= WHAT THE TASK ASKS =
The entries shown next need to be written again word for word.
(EXERCISE INPUTS begins)
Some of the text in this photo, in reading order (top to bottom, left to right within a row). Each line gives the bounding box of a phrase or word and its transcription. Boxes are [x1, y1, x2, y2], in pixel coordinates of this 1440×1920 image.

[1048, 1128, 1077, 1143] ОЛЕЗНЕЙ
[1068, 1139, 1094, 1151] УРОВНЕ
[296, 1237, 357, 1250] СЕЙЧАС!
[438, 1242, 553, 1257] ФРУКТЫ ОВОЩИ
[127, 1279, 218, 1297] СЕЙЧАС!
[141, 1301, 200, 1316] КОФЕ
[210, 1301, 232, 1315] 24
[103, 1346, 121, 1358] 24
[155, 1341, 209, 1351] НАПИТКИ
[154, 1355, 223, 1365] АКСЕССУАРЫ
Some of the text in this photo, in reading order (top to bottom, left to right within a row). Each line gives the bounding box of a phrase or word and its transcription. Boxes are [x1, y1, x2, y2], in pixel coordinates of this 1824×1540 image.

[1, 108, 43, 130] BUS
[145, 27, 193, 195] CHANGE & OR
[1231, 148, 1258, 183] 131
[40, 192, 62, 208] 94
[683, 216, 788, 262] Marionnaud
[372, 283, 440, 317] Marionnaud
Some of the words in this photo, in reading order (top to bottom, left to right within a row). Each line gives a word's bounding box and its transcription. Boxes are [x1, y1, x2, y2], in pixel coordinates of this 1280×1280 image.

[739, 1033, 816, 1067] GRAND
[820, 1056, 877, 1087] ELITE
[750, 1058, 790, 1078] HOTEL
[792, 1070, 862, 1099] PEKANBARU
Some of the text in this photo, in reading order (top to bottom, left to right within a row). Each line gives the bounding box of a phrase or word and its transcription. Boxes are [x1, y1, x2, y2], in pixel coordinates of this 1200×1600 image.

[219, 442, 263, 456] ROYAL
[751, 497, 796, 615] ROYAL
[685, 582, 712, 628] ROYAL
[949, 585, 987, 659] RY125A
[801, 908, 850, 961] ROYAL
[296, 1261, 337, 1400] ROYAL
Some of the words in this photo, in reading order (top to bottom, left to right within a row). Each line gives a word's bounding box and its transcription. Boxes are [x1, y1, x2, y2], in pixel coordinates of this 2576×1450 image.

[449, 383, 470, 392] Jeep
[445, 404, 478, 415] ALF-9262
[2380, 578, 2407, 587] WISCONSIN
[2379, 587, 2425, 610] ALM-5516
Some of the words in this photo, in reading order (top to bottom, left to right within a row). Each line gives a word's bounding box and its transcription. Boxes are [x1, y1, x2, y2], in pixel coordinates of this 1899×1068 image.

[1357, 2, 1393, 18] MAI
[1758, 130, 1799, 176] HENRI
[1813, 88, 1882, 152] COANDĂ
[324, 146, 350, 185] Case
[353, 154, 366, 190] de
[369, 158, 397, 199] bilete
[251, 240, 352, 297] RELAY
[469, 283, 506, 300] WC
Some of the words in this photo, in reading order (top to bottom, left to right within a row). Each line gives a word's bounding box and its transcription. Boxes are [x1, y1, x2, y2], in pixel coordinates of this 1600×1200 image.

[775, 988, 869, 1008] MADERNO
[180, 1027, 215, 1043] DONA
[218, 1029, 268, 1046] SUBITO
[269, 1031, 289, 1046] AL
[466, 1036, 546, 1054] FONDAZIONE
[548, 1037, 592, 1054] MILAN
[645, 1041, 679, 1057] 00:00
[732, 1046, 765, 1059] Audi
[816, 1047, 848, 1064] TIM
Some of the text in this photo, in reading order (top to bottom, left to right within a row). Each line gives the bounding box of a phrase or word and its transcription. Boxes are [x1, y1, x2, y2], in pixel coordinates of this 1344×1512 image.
(EXERCISE INPUTS ends)
= RESULT FOR THIS EXERCISE =
Some of the text in this photo, in reading order (top to bottom, left to right within a row). Each line gives the bounding box of a phrase or word and its transcription. Boxes are [x1, y1, x2, y2], in pixel coordinates of this 1440×1920 image.

[1048, 1128, 1077, 1143] ОЛЕЗНЕЙ
[1068, 1139, 1094, 1151] УРОВНЕ
[296, 1237, 357, 1250] СЕЙЧАС!
[438, 1242, 553, 1257] ФРУКТЫ ОВОЩИ
[127, 1279, 218, 1297] СЕЙЧАС!
[141, 1301, 200, 1316] КОФЕ
[210, 1301, 232, 1315] 24
[103, 1346, 121, 1358] 24
[155, 1341, 209, 1351] НАПИТКИ
[154, 1355, 223, 1365] АКСЕССУАРЫ
Some of the text in this photo, in reading order (top to bottom, left to right within a row). Each line gives the bounding box of a phrase or word and its transcription. Boxes are [x1, y1, x2, y2], in pixel coordinates of this 1824×1540 image.

[1, 108, 43, 130] BUS
[145, 27, 193, 195] CHANGE & OR
[1231, 148, 1258, 183] 131
[40, 192, 62, 208] 94
[683, 216, 788, 262] Marionnaud
[372, 283, 440, 317] Marionnaud
Some of the words in this photo, in reading order (top to bottom, left to right within a row). Each line gives a word's bounding box and its transcription. Boxes are [x1, y1, x2, y2], in pixel coordinates of this 1280×1280 image.

[739, 1033, 816, 1067] GRAND
[820, 1056, 877, 1087] ELITE
[750, 1058, 790, 1078] HOTEL
[792, 1070, 862, 1099] PEKANBARU
Some of the text in this photo, in reading order (top to bottom, left to right within a row). Each line gives the bounding box of a phrase or word and its transcription. Boxes are [x1, y1, x2, y2], in pixel coordinates of this 1200×1600 image.

[219, 442, 263, 456] ROYAL
[751, 497, 796, 615] ROYAL
[685, 582, 712, 628] ROYAL
[949, 585, 987, 659] RY125A
[801, 908, 850, 961] ROYAL
[296, 1261, 337, 1400] ROYAL
Some of the words in this photo, in reading order (top to bottom, left to right within a row). Each line gives a word's bounding box and its transcription. Boxes are [x1, y1, x2, y2], in pixel coordinates of this 2576×1450 image.

[449, 383, 470, 392] Jeep
[445, 404, 478, 415] ALF-9262
[2380, 578, 2407, 587] WISCONSIN
[2379, 587, 2425, 610] ALM-5516
Some of the words in this photo, in reading order (top to bottom, left to right within a row). Each line gives a word's bounding box and its transcription. Boxes are [x1, y1, x2, y2], in pixel coordinates of this 1899×1068 image.

[1357, 2, 1393, 18] MAI
[1758, 130, 1799, 176] HENRI
[1813, 88, 1882, 152] COANDĂ
[324, 146, 350, 185] Case
[353, 154, 366, 190] de
[369, 158, 397, 199] bilete
[251, 240, 352, 297] RELAY
[469, 283, 506, 300] WC
Some of the words in this photo, in reading order (top to bottom, left to right within a row). Each line gives a word's bounding box and its transcription. Boxes are [x1, y1, x2, y2], in pixel coordinates of this 1600×1200 image.

[775, 988, 869, 1008] MADERNO
[180, 1027, 215, 1043] DONA
[218, 1029, 268, 1046] SUBITO
[269, 1031, 289, 1046] AL
[466, 1036, 546, 1054] FONDAZIONE
[548, 1037, 592, 1054] MILAN
[645, 1041, 679, 1057] 00:00
[732, 1046, 765, 1059] Audi
[816, 1047, 848, 1064] TIM
Some of the text in this photo, in reading order (top to bottom, left to right within a row). Each line gives the bounding box of a phrase or word and its transcription. Boxes are [x1, y1, x2, y2], in pixel coordinates of this 1344×1512 image.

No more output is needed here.